2023 Sports, Health and Wellness, Small/Medium Newsroom finalist

Uncovered: How the Insurance Industry Denies Coverage to Patients

About the Project

More than 200 million Americans are covered by private health insurance. But that doesn’t mean they get the care they need when illness strikes.

In “Uncovered,” ProPublica and The Capitol Forum exposed the inner workings of health insurers in denying care to the people covered by their plans.

Big insurers employ doctors, called medical directors, who have sweeping power to approve or reject requests to pay for all kinds of critical care – from life-saving drugs to complex surgeries. They do so by substituting their judgment for those of treating physicians, often ruling that requested care is not “medically necessary.”

ProPublica and The Capitol Forum obtained internal documents, audio recordings, emails, physician reports and other records to show how decisions by insurance company medical directors are often made with little or no review of patient records or any consideration of a treating doctor’s recommendations.

The publications revealed how the insurer Cigna built a system that allows its doctors to instantly reject a claim on medical grounds without opening the patient file, leaving people with unexpected bills. Over a period of two months, Cigna doctors denied over 300,000 requests for payments using this method, spending an average of 1.2 seconds on each case.

To understand the impact that denials have on patients, we set up an interactive webpage that allowed people to share their experiences with us. We received more than 1,850 submissions.

That led us to investigate the case of Christopher McNaughton, a Penn State University student with a life-threatening case of ulcerative colitis. McNaughton’s care, a regimen of biologic drugs, was expensive.

Behind the scenes, the insurer United calculated how much it would save if it changed his treatment to a cheaper one that McNaughton’s doctor said had already failed and would put his patient’s life at risk.

A doctor hired by United to review the case warned that denying payments for McNaughton’s treatment could put his health at risk, but the company buried his report and did not consider its findings. The insurer did, however, consider a report submitted by one of its own medical directors who admitted he gave “zero weight” to the treating doctor’s opinion and simply rubber-stamped the recommendation of a United nurse to reject paying for the treatment.

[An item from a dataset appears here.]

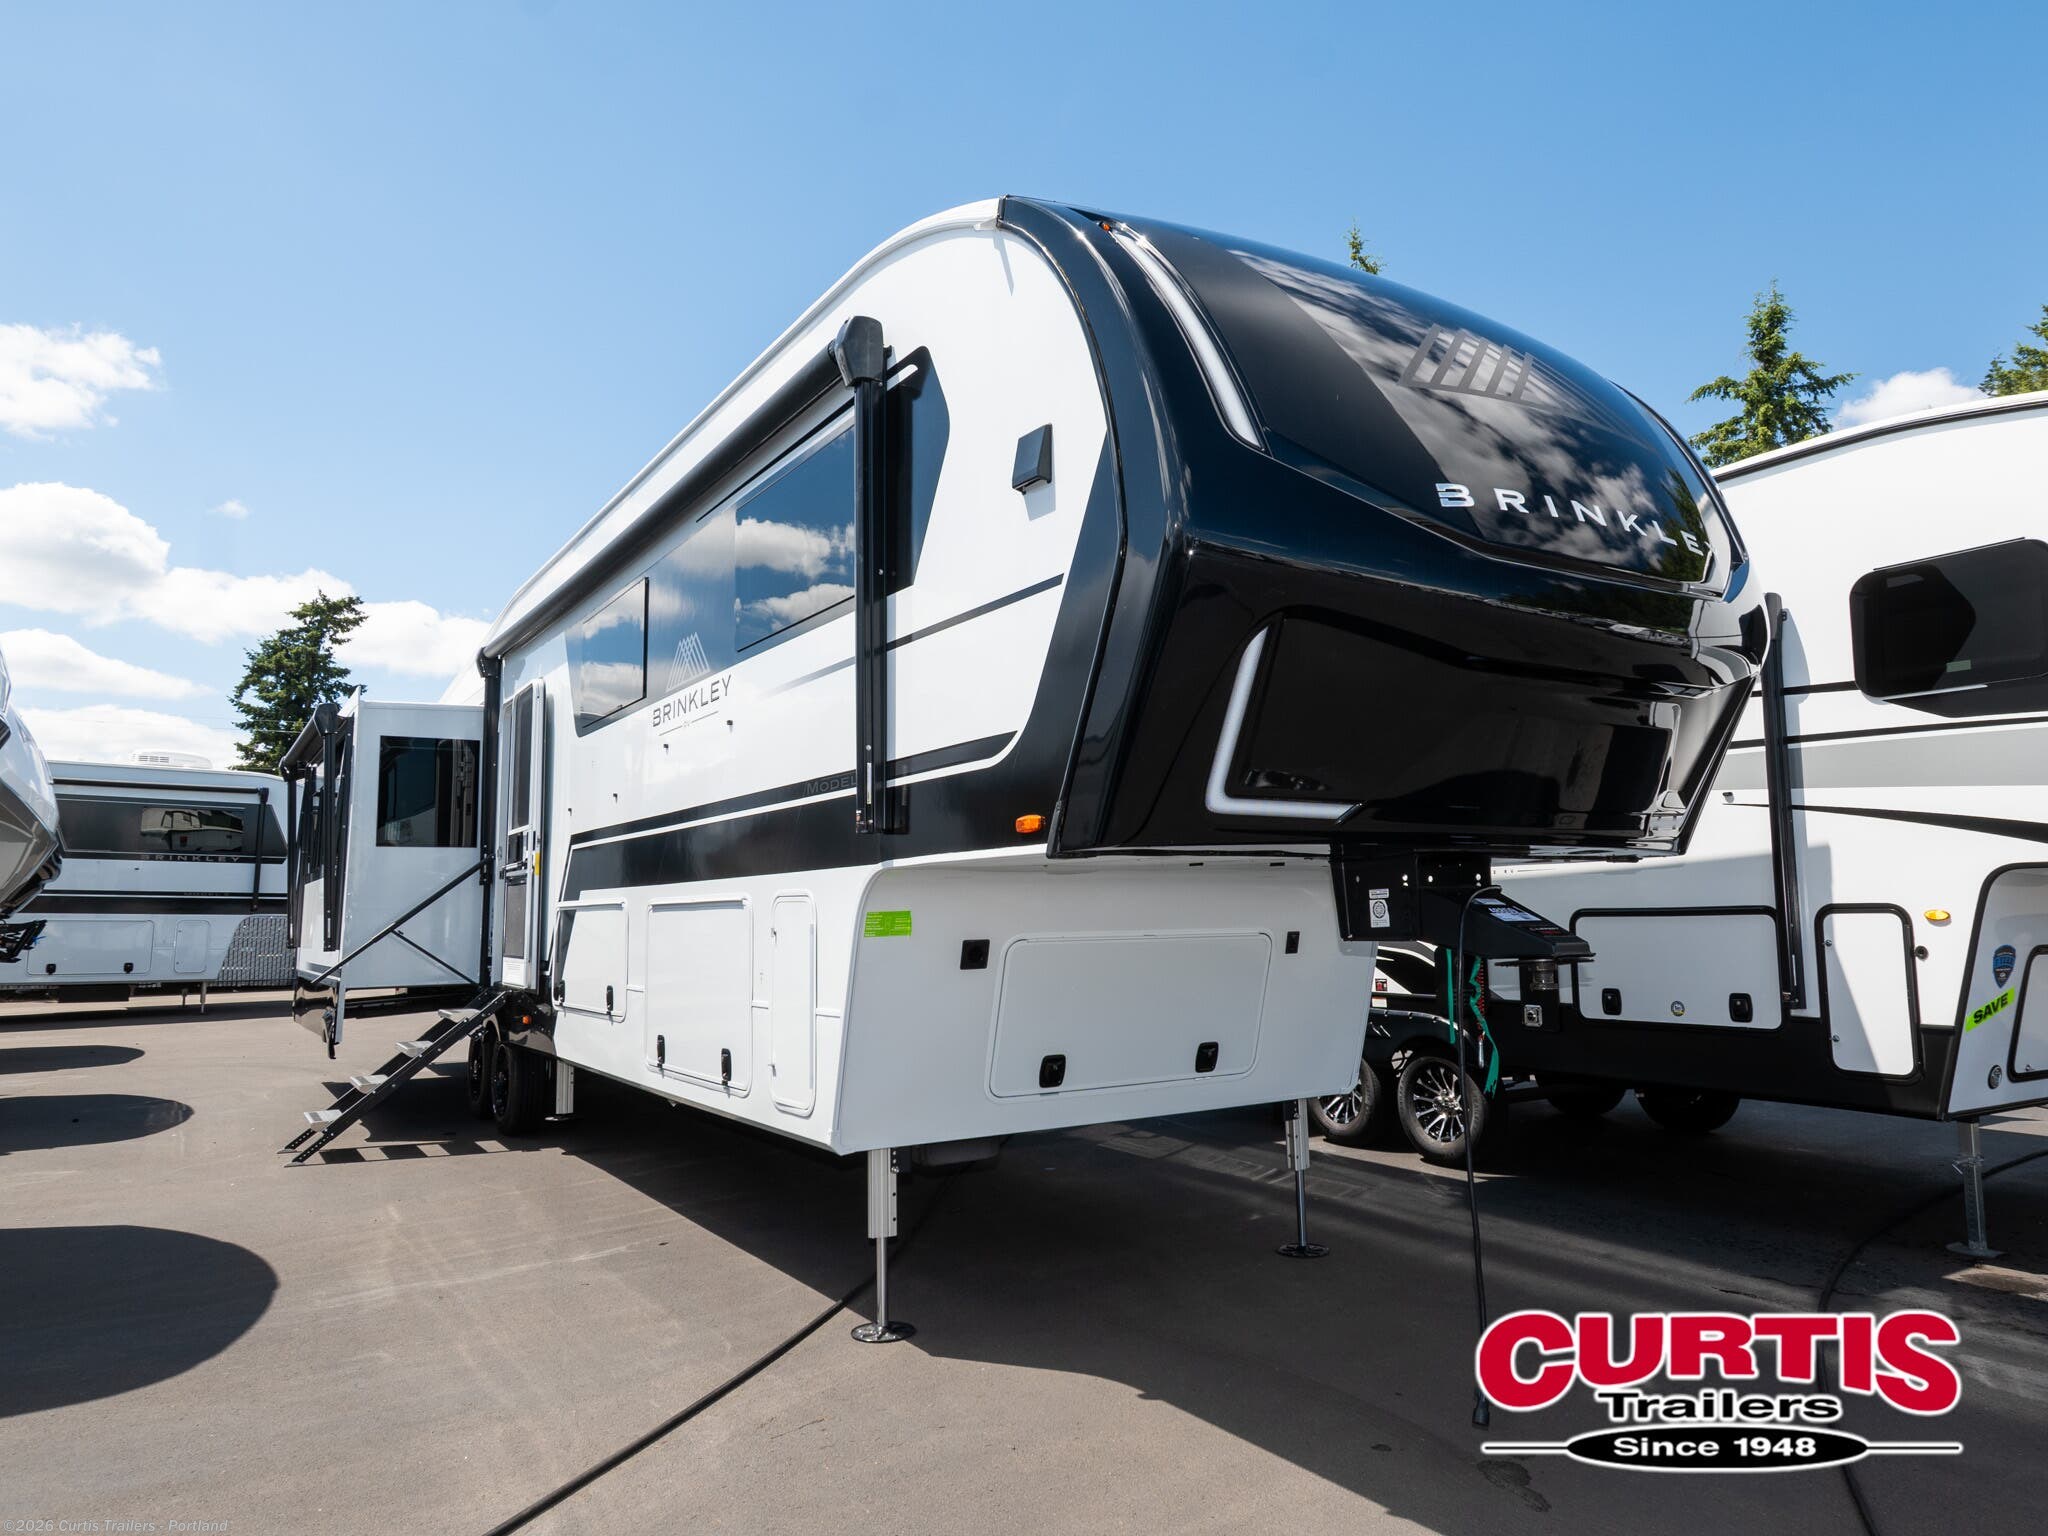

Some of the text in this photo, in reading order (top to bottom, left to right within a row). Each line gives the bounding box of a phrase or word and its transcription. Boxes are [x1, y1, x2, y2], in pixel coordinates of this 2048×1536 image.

[652, 674, 731, 727] BRINKLEY
[806, 774, 858, 795] MODEL
[1973, 992, 2009, 1025] SAVE
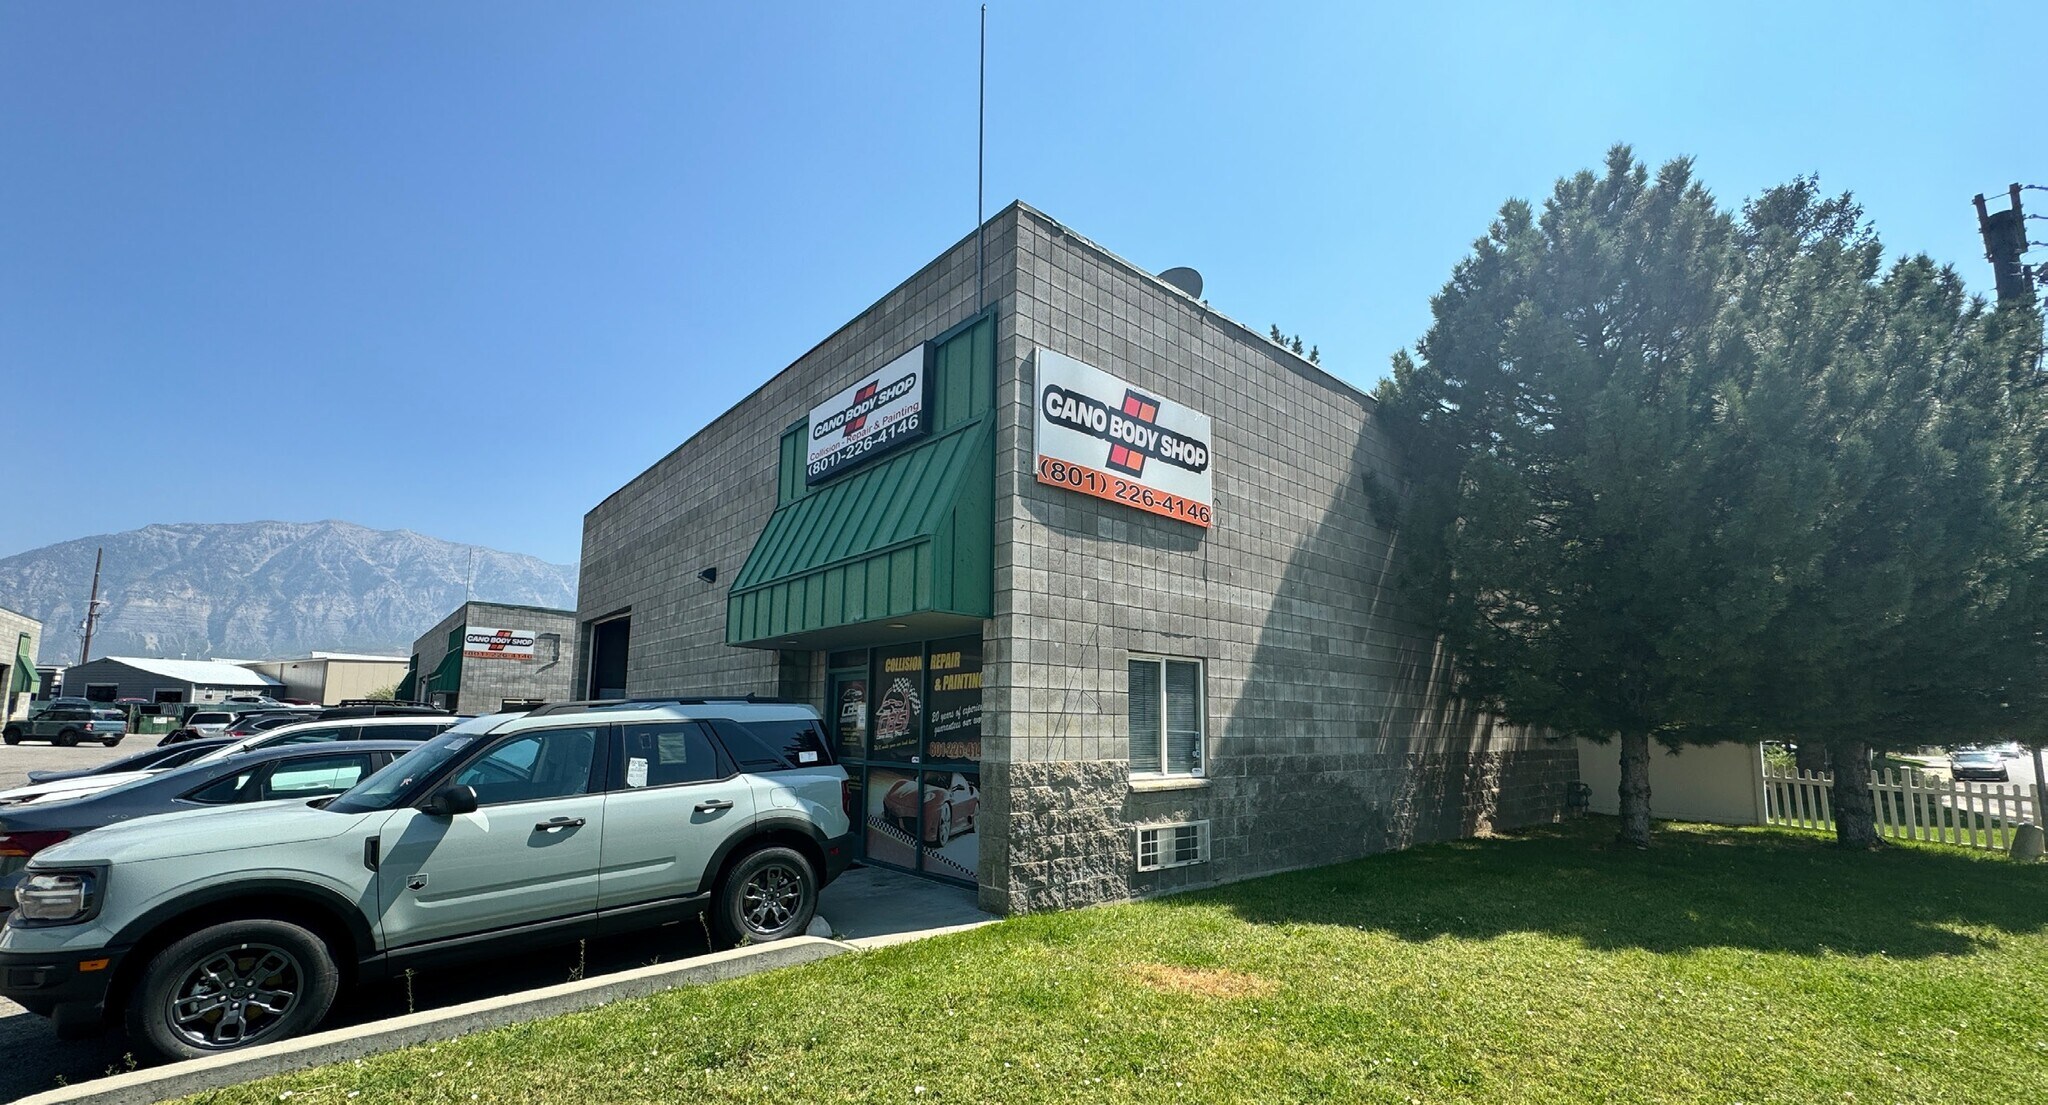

United officials laughed when discussing a decision to reject McNaughton’s treatment, with one saying any appeal by the student would be “a waste of money and time” because “we’re gonna get the same answer.”

McNaughton was a rare case. Few people appeal denials of care.

McNaughton filed a lawsuit and eventually got United to agree to pay for this treatment. But it came at a cost that was chronicled in our story. The stress of the fight triggered physical symptoms and he considered suicide. All in an effort to get United to keep paying for a treatment that saved his life.